Democrats release opening offer as wall appears to remain a sticking point
WASHINGTON—Negotiations over border security began Wednesday, as House Democrats unveiled an opening offer and signaled flexibility in coming talks even as the idea of President Trump’s desired border wall appeared to remain a sticking point between the parties.
With less than three weeks for lawmakers to negotiate, House Democrats proposed a tightening of security along the border with investments in technology and staffing, but no new physical barriers, which Mr. Trump has said he requires in order to avoid another partial government shutdown. House Appropriations Committee Chairwoman Nita Lowey (D., N.Y.) indicated she was keeping options open for striking a compromise before current government funding expires on Feb. 15.
“Everything is on the table,” she told reporters after the first meeting of the 17 lawmakers tasked with forging a deal. Democrats declined to specify how much their proposal would cost, but last week they had discussed proposing more than $5 billion in border-security funding.

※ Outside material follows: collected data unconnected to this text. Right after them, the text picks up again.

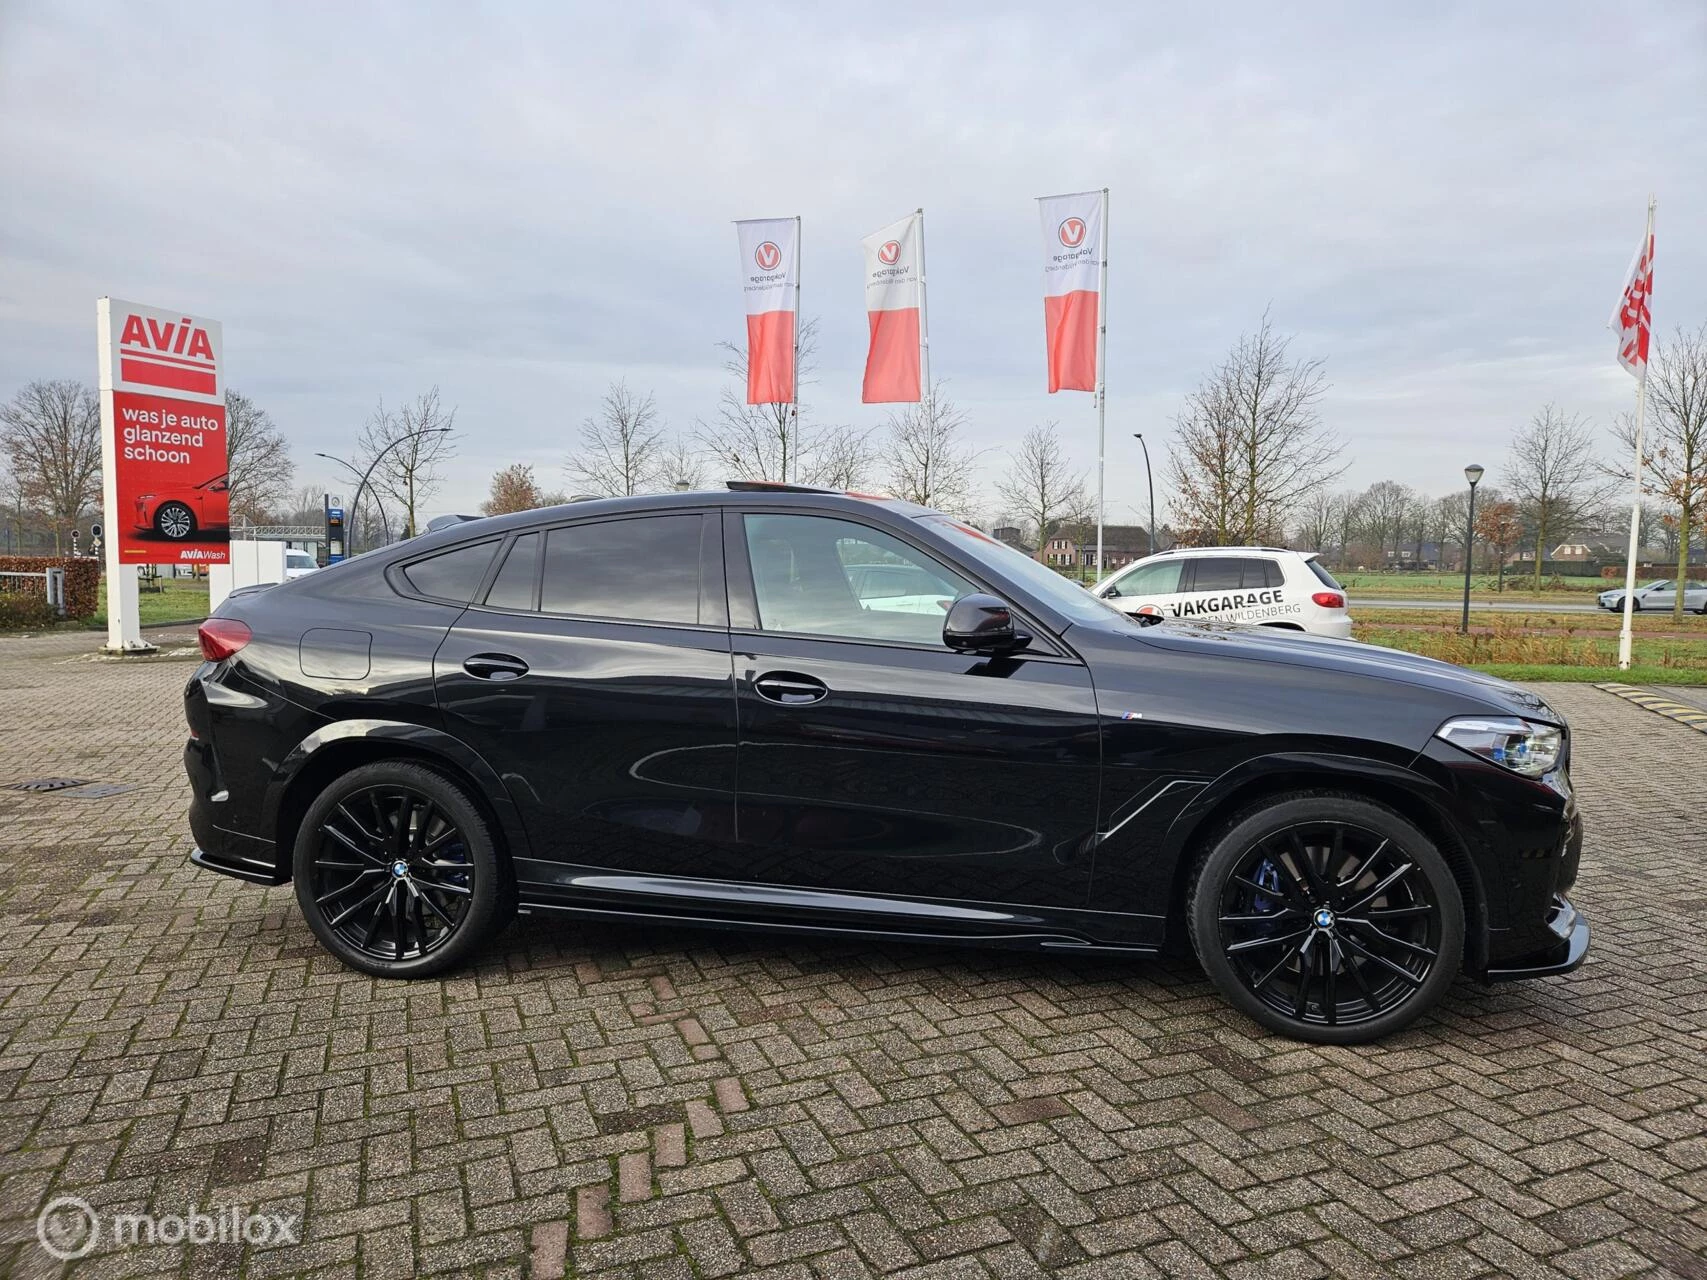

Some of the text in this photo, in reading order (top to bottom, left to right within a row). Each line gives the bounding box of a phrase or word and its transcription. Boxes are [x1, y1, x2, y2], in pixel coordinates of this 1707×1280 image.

[122, 407, 218, 431] was je auto
[123, 425, 203, 447] glanzend
[124, 445, 190, 464] schoon
[1172, 590, 1284, 617] VAKGARAGE
[1226, 603, 1301, 622] WILDENBERG

The bipartisan and bicameral committee in the next few weeks must strike a deal on Homeland Security Department funding and Mr. Trump must sign it, or 800,000 federal employees who just returned to their offices could face new furloughs or the prospect of working again without pay.
The group, which was appointed by party leadership, focused on the meaning of a wall or a physical barrier. Mr. Trump has since moved away from his desire for a concrete wall along the full length of the border and has said he would be open to steel slats, a form of fencing that is already used.

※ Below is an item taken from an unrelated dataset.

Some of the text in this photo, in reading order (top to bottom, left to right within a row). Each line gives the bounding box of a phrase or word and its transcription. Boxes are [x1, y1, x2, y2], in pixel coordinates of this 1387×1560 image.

Late last week, Mr. Trump agreed to reopen the government even without new funding for a wall, setting up the new three-week deadline and congressional panel.
Mrs. Lowey, who is leading the panel, said she would support an increase in aircraft on the border and improved equipment at ports of entry to scan cars for drugs, but she dismissed a need for a lengthy wall.

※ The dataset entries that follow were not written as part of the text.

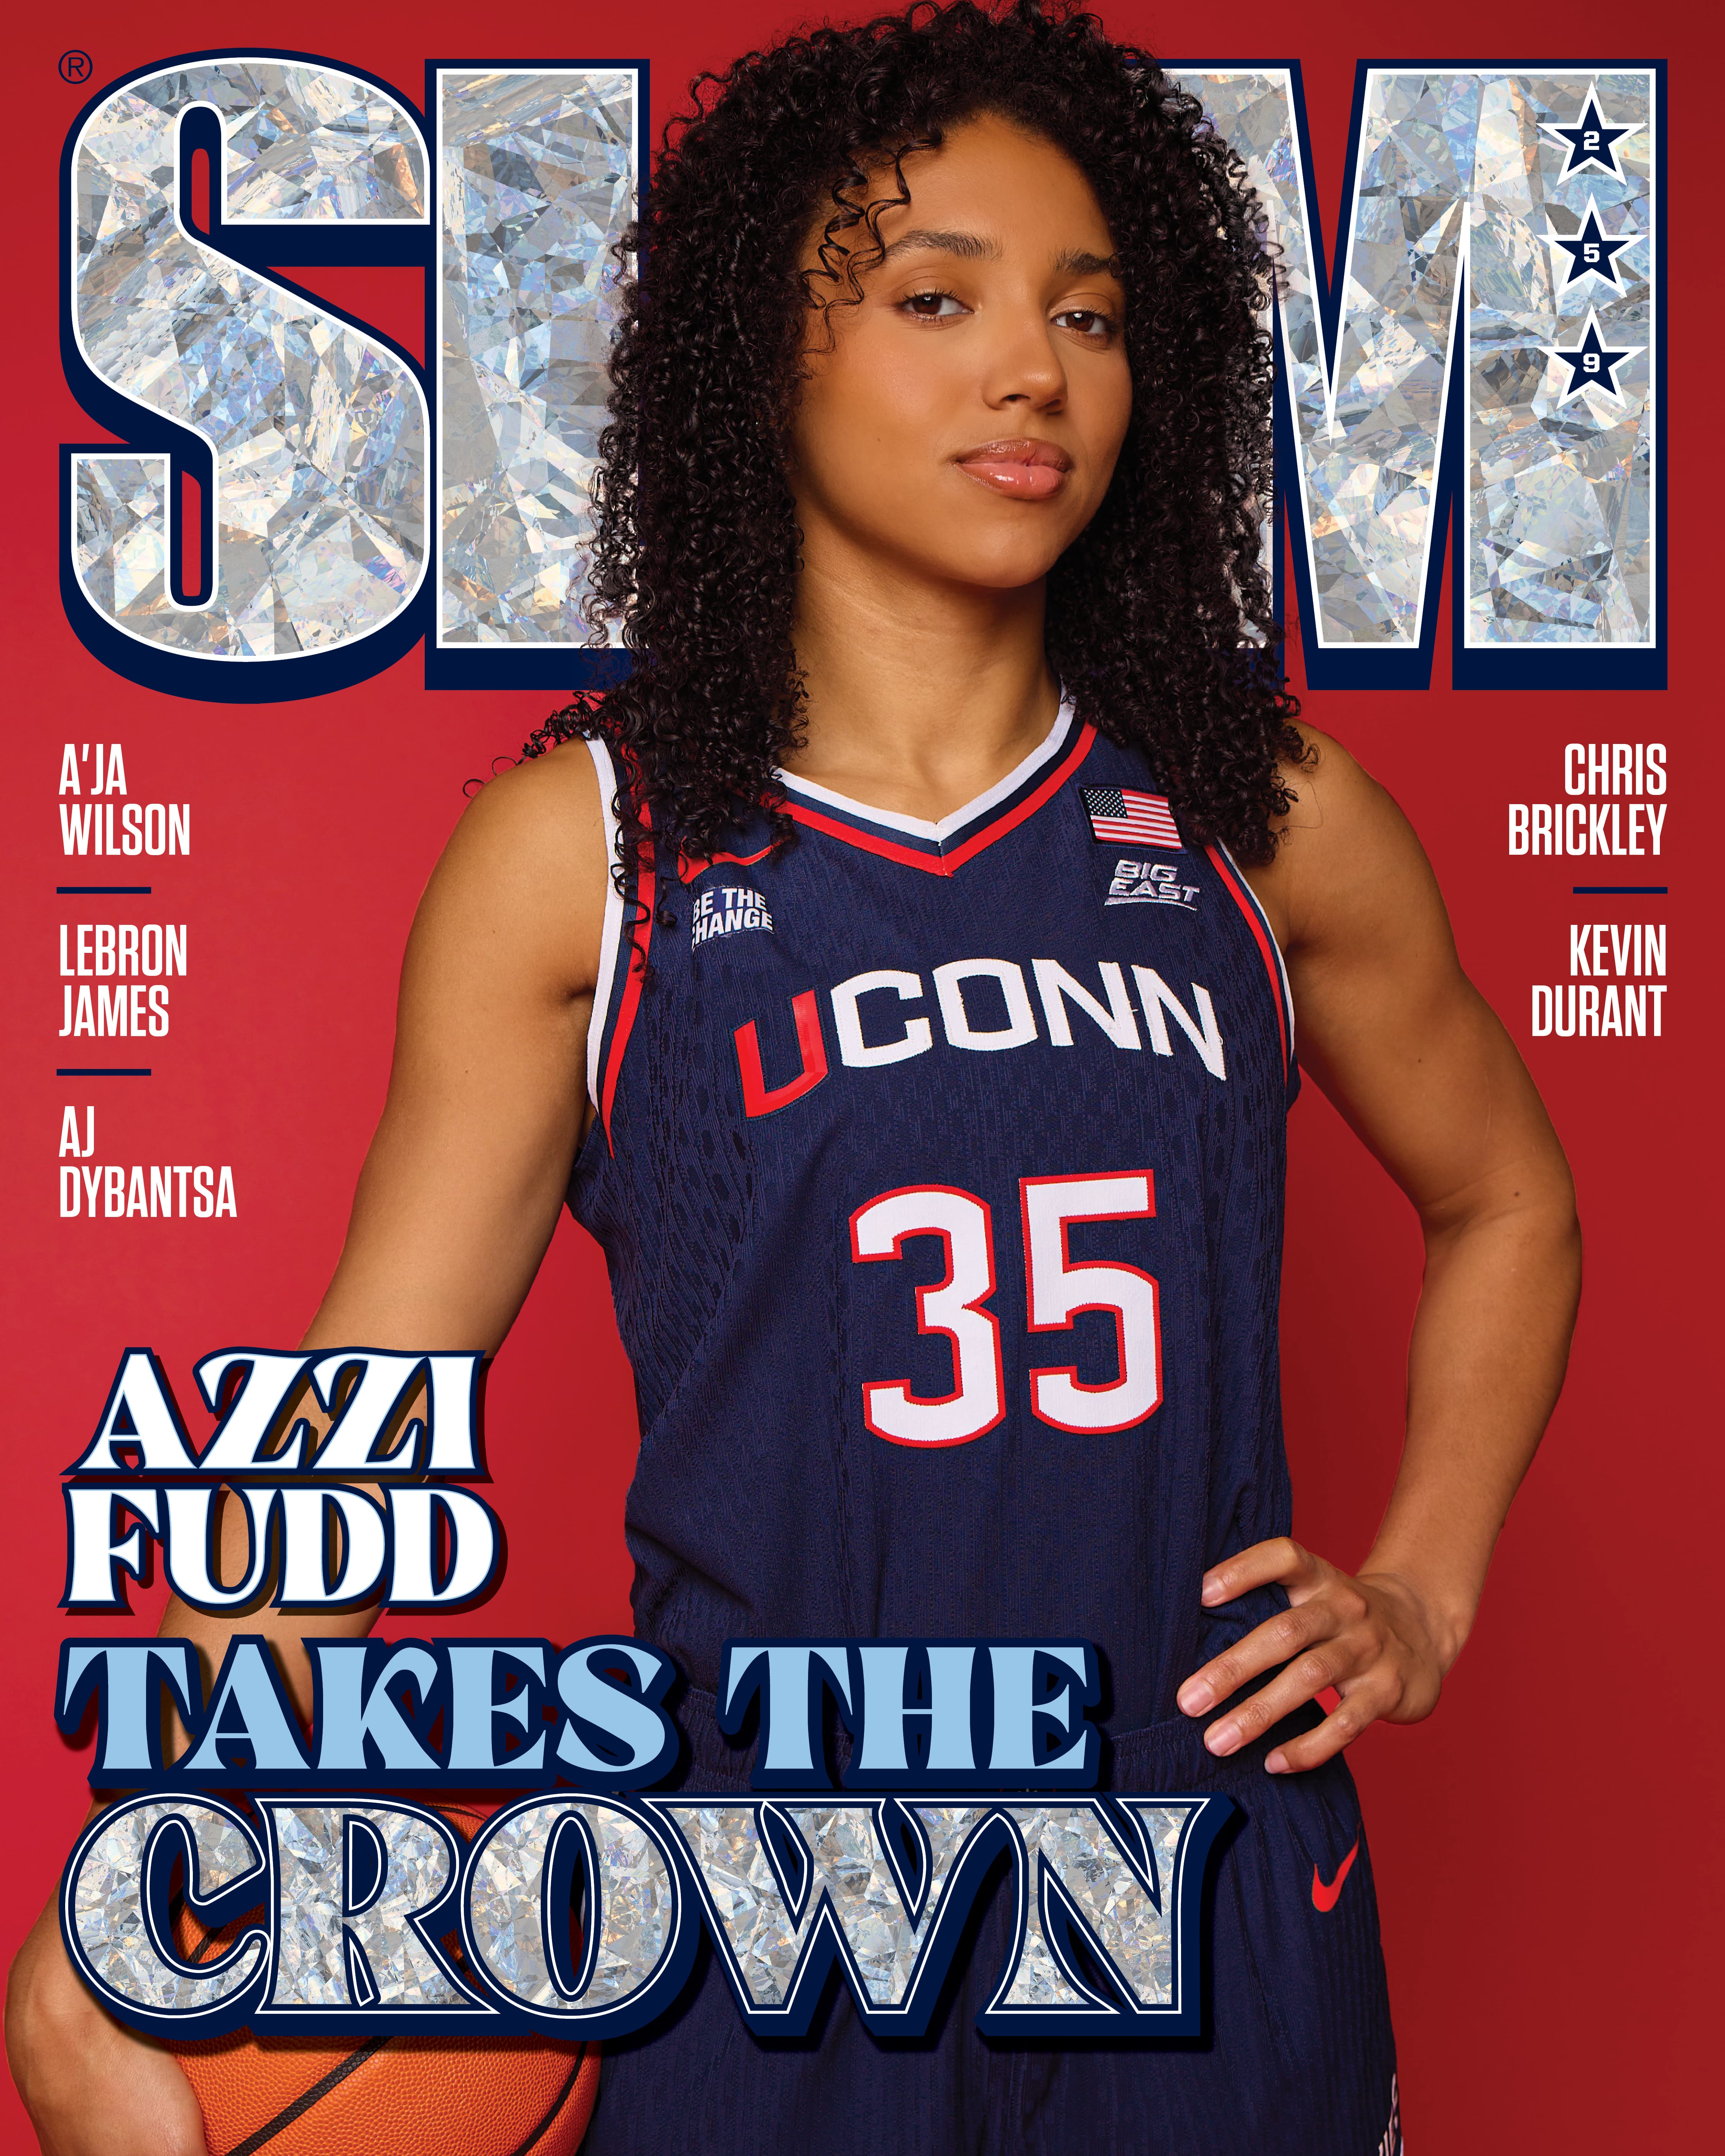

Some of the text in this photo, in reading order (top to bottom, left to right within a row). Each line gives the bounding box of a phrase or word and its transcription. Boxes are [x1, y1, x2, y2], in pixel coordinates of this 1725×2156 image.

[1115, 859, 1178, 882] BIG
[693, 888, 767, 923] BE THE
[1109, 877, 1200, 902] EAST
[692, 908, 773, 948] HANGE
[733, 958, 1227, 1120] UCONN
[849, 1169, 1163, 1448] 35

“Smart border security is not overly reliant on physical barriers, which the Trump administration has failed to demonstrate are cost-effective compared to better technology and more personnel,” Mrs. Lowey said in opening statements.
The task at hand involves spending bills that cover nine major federal agencies, including the Transportation and Justice Departments. But the president’s demand for $5.7 billion toward a barrier on the U.S.-Mexico border—which led to the 35-day shutdown—complicates the negotiations.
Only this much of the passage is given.